The game has made a great deal of progress in our second sprint! With the unreal project and gthub set up, it was finally time to start programming the movement. I started with the Unreal Third Person Template, because it comes with a functional player character using Unreal’s Character Movement Component, as well as a nice level to play around with the movement.
I began by tweaking the parameters of the Character Movement Component. The Lead Designer wanted the player to build up speed on the ground that can be translated to the air using the pole vault, and so I raised the max speed on the player and lowered the acceleration, which made our character control not dissimilarly to how Sonic The Hedgehog might. The next tweak I made was greatly lowering the jump height. While we still wanted the jump to be an option, we want players to rely heavily on the pole vault for moving vertically.
With the basic movement configured to how we liked, now it was time to start with the pole vaulting! I began by identifying where it was possible to vault from by using a raycast from the player’s head pointing 45 degrees downwards towards the ground. Then, by taking the surface normal of the raycast’s hit, I was able to reflect the raycast across that plane, and use that direction for an impulse added to the player. Then, I took the players velocity (scaled down a bit so that the impulse wasn’t insane explosive) added up with a baseline velocity to get the magnitude of the impulse applied to the player.
Red - Raycast checking for surface
Blue - Surface Normal
Yellow - Reflected Raycast with magnitude shown
Standing Still vs Running Full Speed
I also negated the Y value of the reflected vector when the raycast hit a vertical wall, allowing for the player to vault off of walls!
There were a few issues with this system however, Vaulting off of steep slopes felt awkward, because it would usually just send you straight up or backwards. And vaulting off of an angled ceiling would also send you upwards since the Y value was forced to be upwards when reflecting off of a wall.I had tried to solve this by using rotators rather than a reflection vector to determine the direction of the vault, but this ended up just becoming a mess of code that didn’t really solve the issues, and I’m still working on solutions to these issues as well as discussing with the lead designer about what types of these weird issues are acceptable constraints for designing our levels.

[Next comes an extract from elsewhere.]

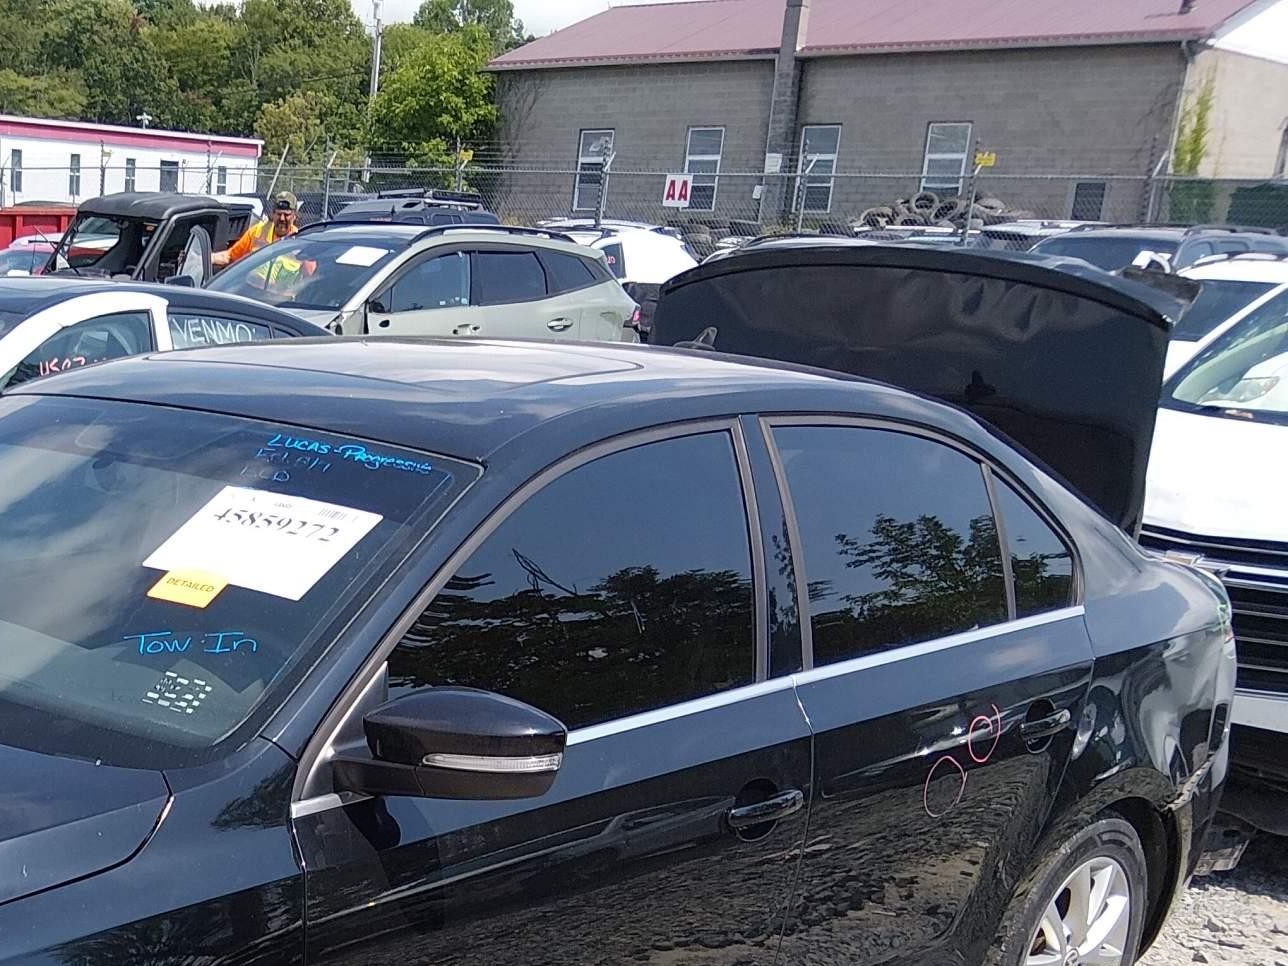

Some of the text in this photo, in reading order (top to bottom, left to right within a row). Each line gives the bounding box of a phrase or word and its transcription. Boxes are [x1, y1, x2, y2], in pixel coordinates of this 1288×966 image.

[665, 179, 689, 202] AA
[213, 507, 340, 542] 45859272
[166, 577, 215, 594] DETAILED
[123, 631, 258, 655] Tow In

However, some of these unintended behaviors were actually pretty fun to play around with. While messing around I found that jumping at the same time as vaulting would give me more than twice the vertical height of the normal pole vault, and after speaking with the lead designer we decided that we wanted to keep this “bug”, as it’s added some interesting depth to the main mechanic. We also considered giving the player an extra forward boost when vaulting off the ground without the jump, to make both techniques better in different situations.
Another unintended ability was a “wall-riding” of sorts. Because the player’s direction was a reflection off of the surface they’re aiming at, hugging a wall and aiming almost parallel to the wall, barely angled enough to be touching, meant that you weren’t pushed very far away, and that you were close enough to do it again, and again, and infinitely so long as you managed to time your vaults well and stay close to the wall.
The player is sent slightly away from the wall at this angle, but by holding left you can steer yourself up against it again to repeat the process indefinitely
While this technique is pretty fun, it also opens up a whole can of worms in the level design department if every wall can be vaulted along indefinitely as if it were the ground, so I’m working to implement a solution that still permits long sections of continuous wall vaults in the level design, without turning every flat wall into a potential sequence break.
Over the next sprint, I’m going to try and polish up the movement some more and fix some of the current issues so that we’ll be able to create a prototype level for playtesting!